Having a good routine has become one of my strongest and most powerful tools in recovery. And a major player in that routine is exercise. I benefit from exercising in so many different ways that I actually consider it a form of self-therapy.
It all began with running whilst I was in rehab. It allowed me to forget about the situation I had found myself in. It made me feel ‘normal’. I would run around the main building every afternoon, after all the therapeutic and group sessions had finished. Each day I would be able to run that little bit further, and each day I would feel that little bit more ‘normal’.
At the time, the sole reason I was running each day was to get that feeling of normality. I had no idea it would be such a powerful tool a few years down the line. And I had no idea how many different ways it would help me in the future.
I now run, swim or cycle every other day. I don’t think I could get the same sense of achievement that I feel after exercising anywhere else. It seems to clear my head and improve my mood, and even helps me to put things into perspective. It is such a powerful thing.
It’s insane to think that putting one foot in front of the other relatively quickly for 30 minutes can make you feel so good, but it does. The endorphins that rush through my head every time I finish a run seems to minimize any negativity that I might be experiencing on that particular day.
As I mentioned at the beginning, exercise has also become a big part of my routine.
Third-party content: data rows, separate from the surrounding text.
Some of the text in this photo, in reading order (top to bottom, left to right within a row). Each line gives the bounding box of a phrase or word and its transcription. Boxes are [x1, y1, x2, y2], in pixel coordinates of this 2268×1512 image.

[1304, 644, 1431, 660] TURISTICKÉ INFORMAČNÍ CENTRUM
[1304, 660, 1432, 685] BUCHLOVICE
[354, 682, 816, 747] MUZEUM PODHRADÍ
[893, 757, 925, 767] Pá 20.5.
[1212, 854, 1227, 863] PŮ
I can’t put into words how important a good routine is in recovery.
For me personally, having positive things within that routine such as exercise and work help me to stick to it. Not only that, but they improve my mood, optimism and overall chances of continued sobriety
On top of all these benefits, aerobic exercise also helps repair all that damage I’ve done to my liver. There will always be damage there, I’ve accepted that. But if exercise gives my liver the best chance of making the best recovery possible, then I will be running, cycling, swimming and even power walking till the day I die!
However, I have learnt over the years that it is very important to have a big support network in your recovery. Purely relying on exercise as your only go-to when things are getting tough is a very bad idea. This is because you may not always be able to exercise for whatever reason.
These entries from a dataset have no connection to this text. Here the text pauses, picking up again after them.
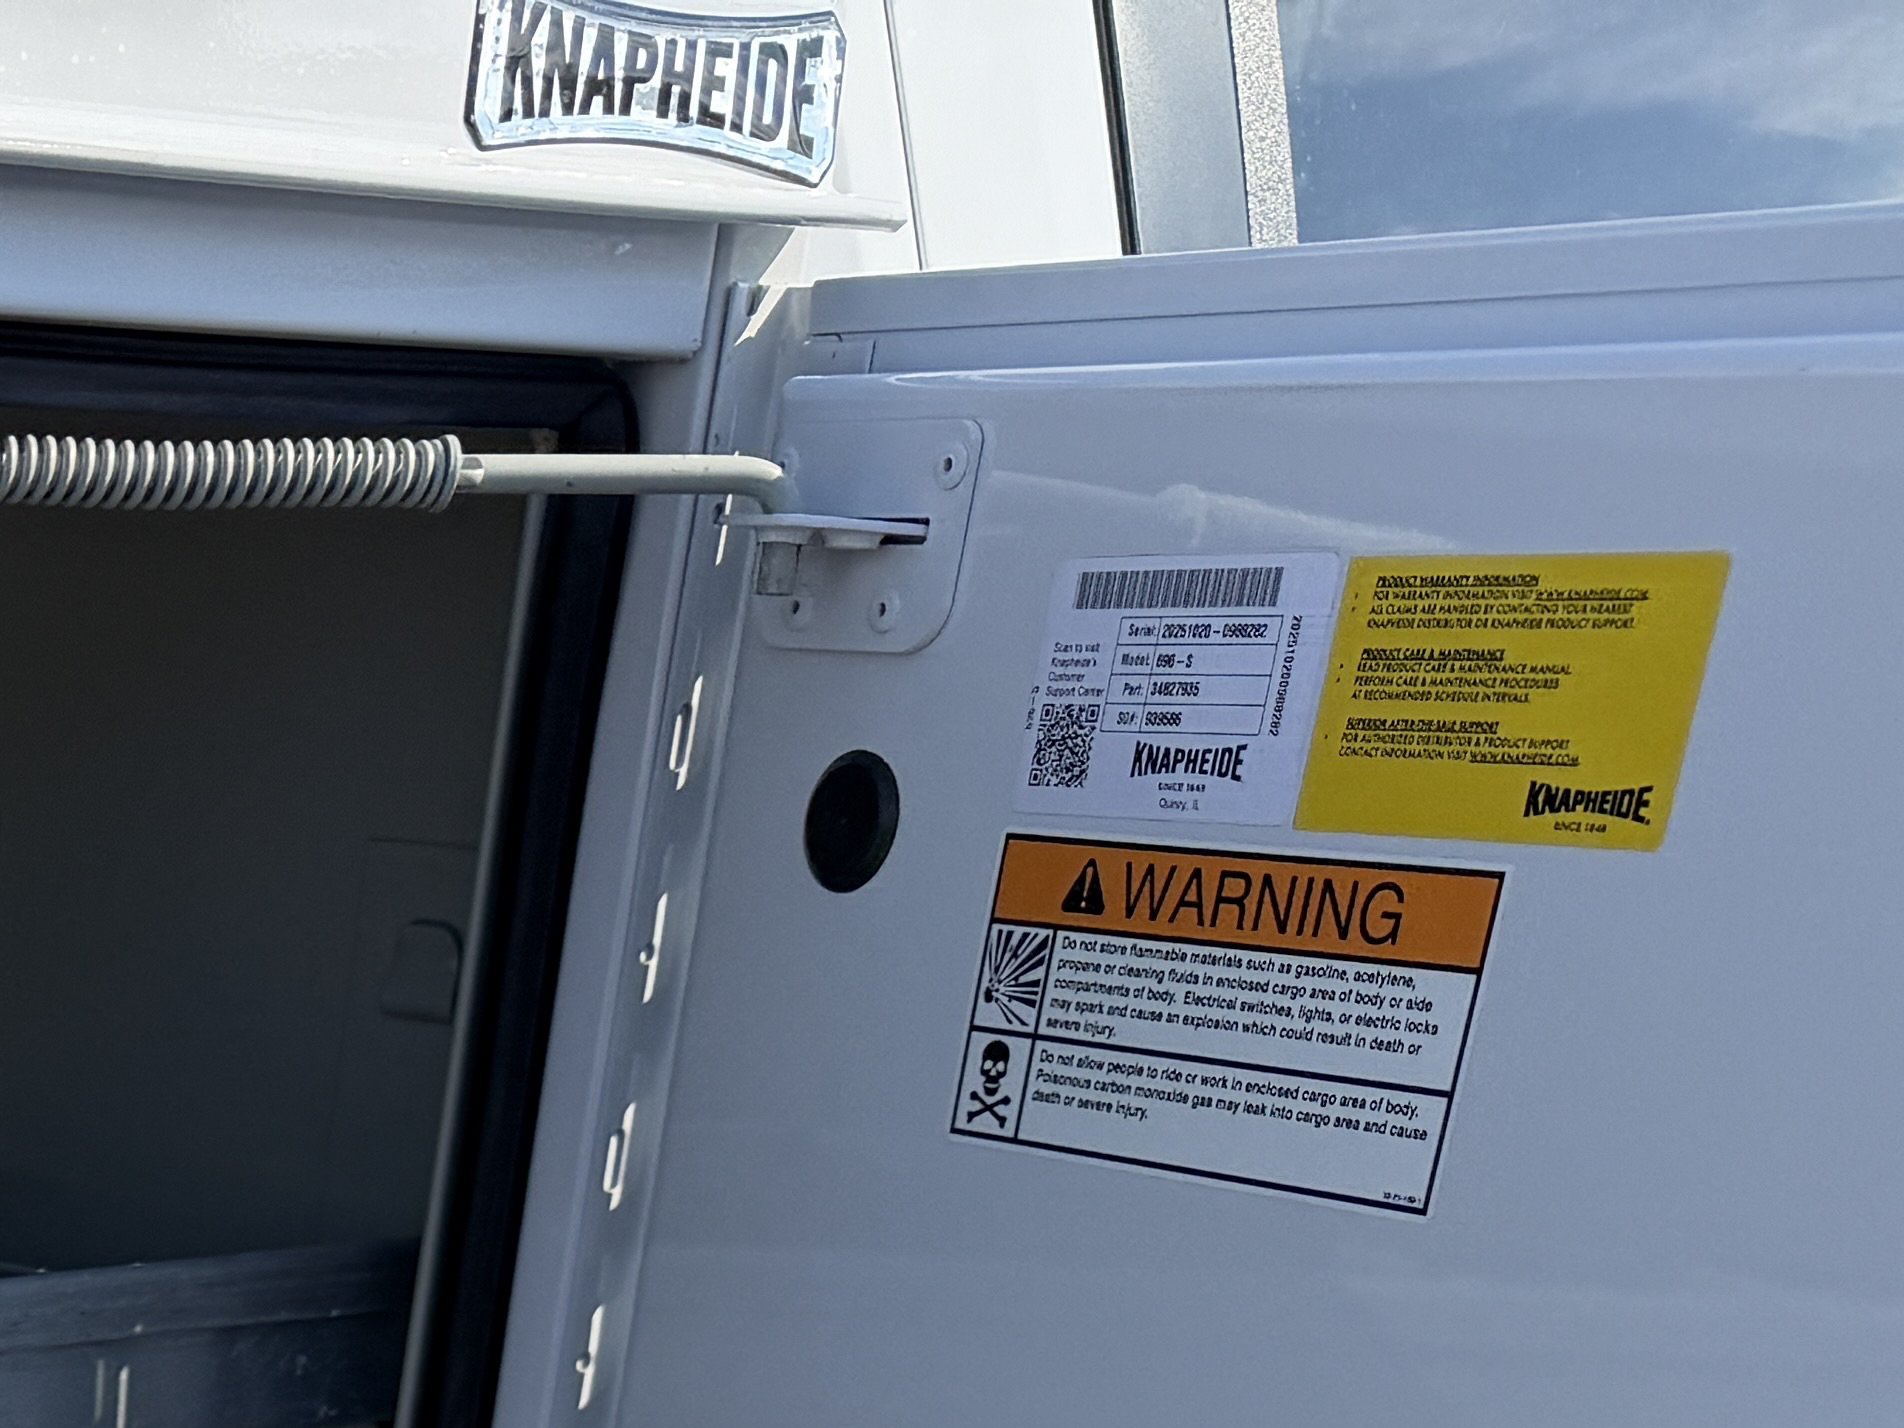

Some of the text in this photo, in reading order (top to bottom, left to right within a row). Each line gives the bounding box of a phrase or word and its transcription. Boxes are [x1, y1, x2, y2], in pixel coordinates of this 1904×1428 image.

[498, 0, 825, 159] KNAPHEIDE
[1129, 739, 1249, 783] KNAPHEIDE
[1522, 780, 1654, 825] KNAPHEIDE
[1124, 861, 1406, 946] WARNING
[1057, 957, 1433, 1013] propane or cleaning fluids in enclosed cargo area of body or side
[1062, 936, 1416, 991] Do not store flammable materials such as gasoline, acetylene,
[1046, 1016, 1117, 1040] severe injury.
[1049, 997, 1423, 1057] may spark and cause an explosion which could result in death or
[1054, 977, 1439, 1036] compartments of body. Electrical switches, lights, or electric locks
[1031, 1089, 1148, 1122] death or severe injury.
[1036, 1068, 1428, 1141] Poisonous carbon monoxide gas may leak into cargo area and cause
[1039, 1048, 1419, 1121] Do not allow people to ride or work in enclosed cargo area of body.
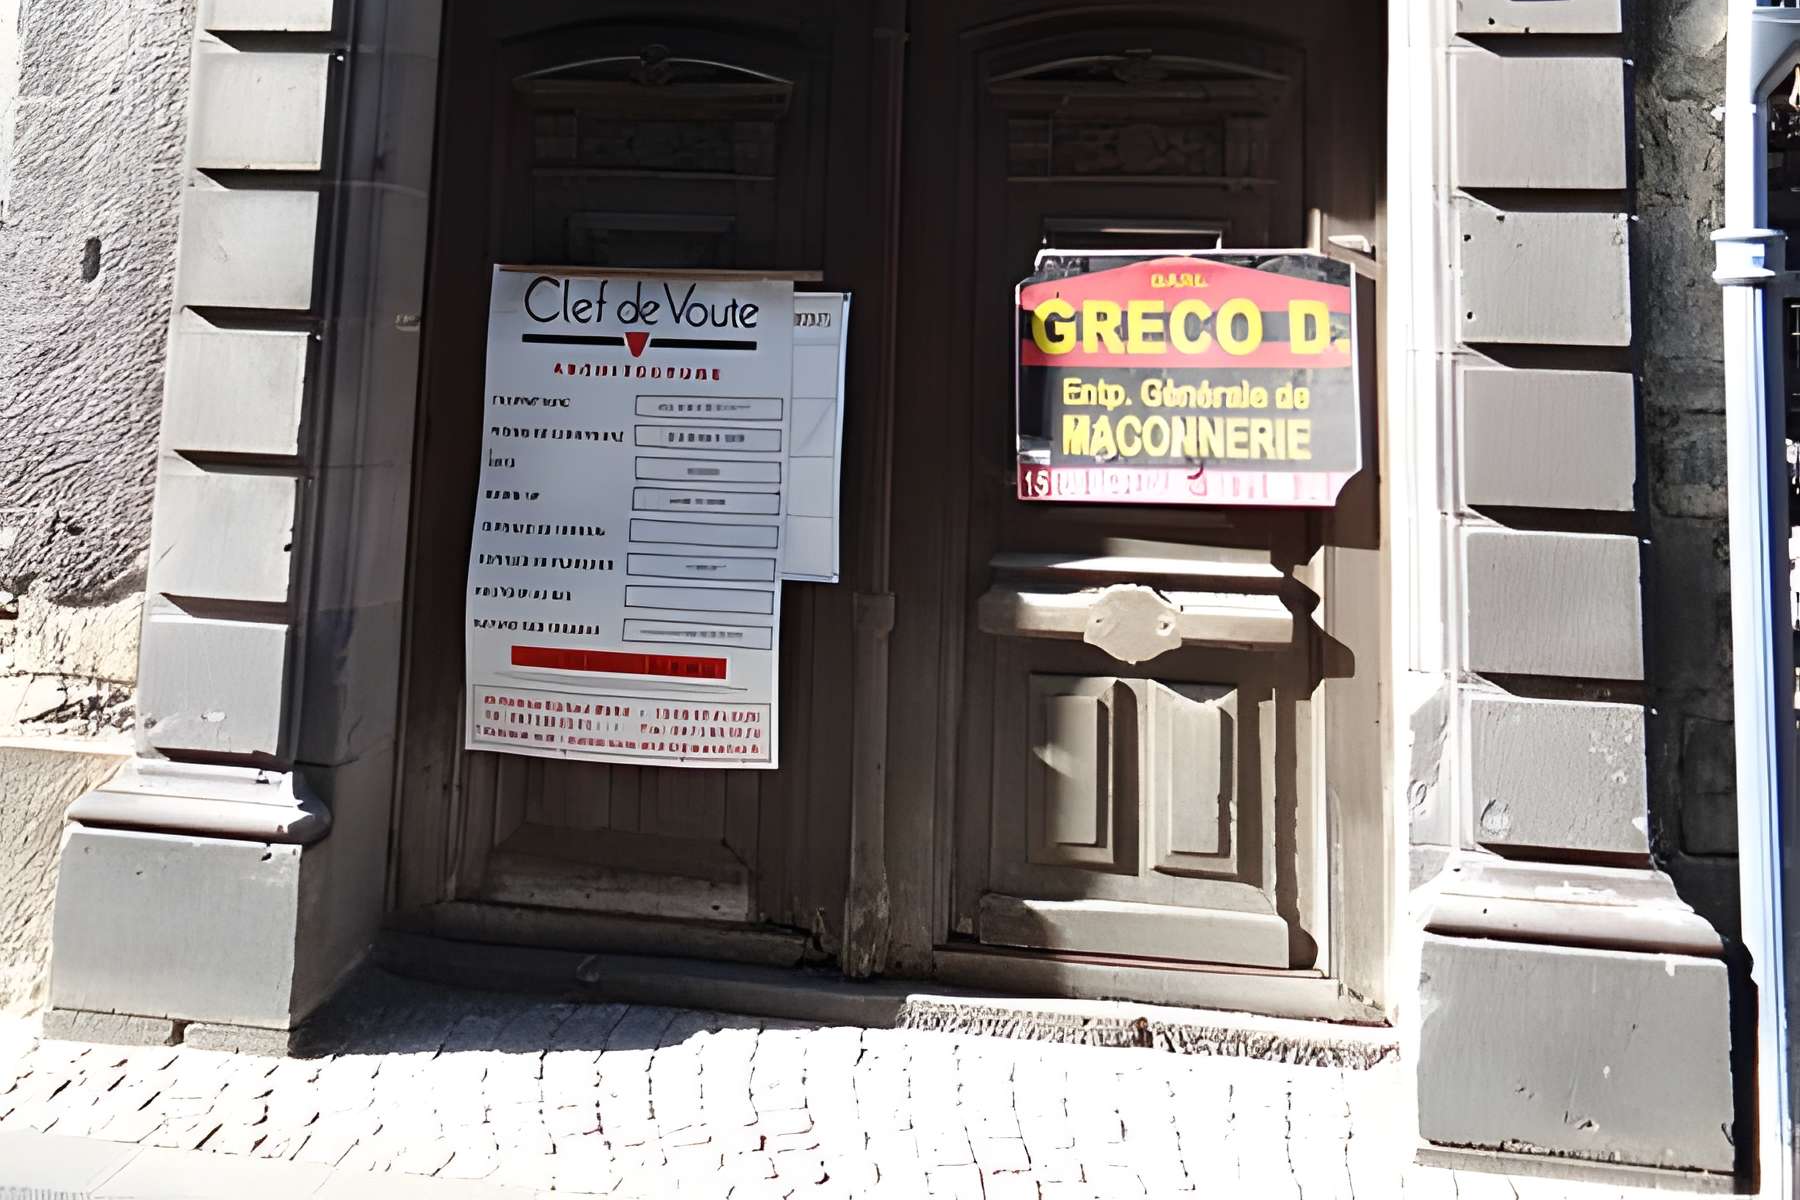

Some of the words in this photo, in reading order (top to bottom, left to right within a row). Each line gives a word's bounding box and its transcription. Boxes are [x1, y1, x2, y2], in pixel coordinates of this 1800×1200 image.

Making sure you also have people to talk to, groups to go to, or whatever works for you, is paramount. The bigger the support network and the more things you have in place, the better chance you have of recovery. Exercise can be a very rewarding and valuable part of that network.
So If you are struggling with alcohol or you are in recovery, running (or any form of exercise) is an amazing form of self-therapy. I can’t recommend it enough. It has so many benefits, both physically and mentally. So many that I have hardly touched the surface in this blog post. It’s become a huge part of my life, and a big part of my recovery. I hope it can do the same for you.
Thanks for reading and best of luck.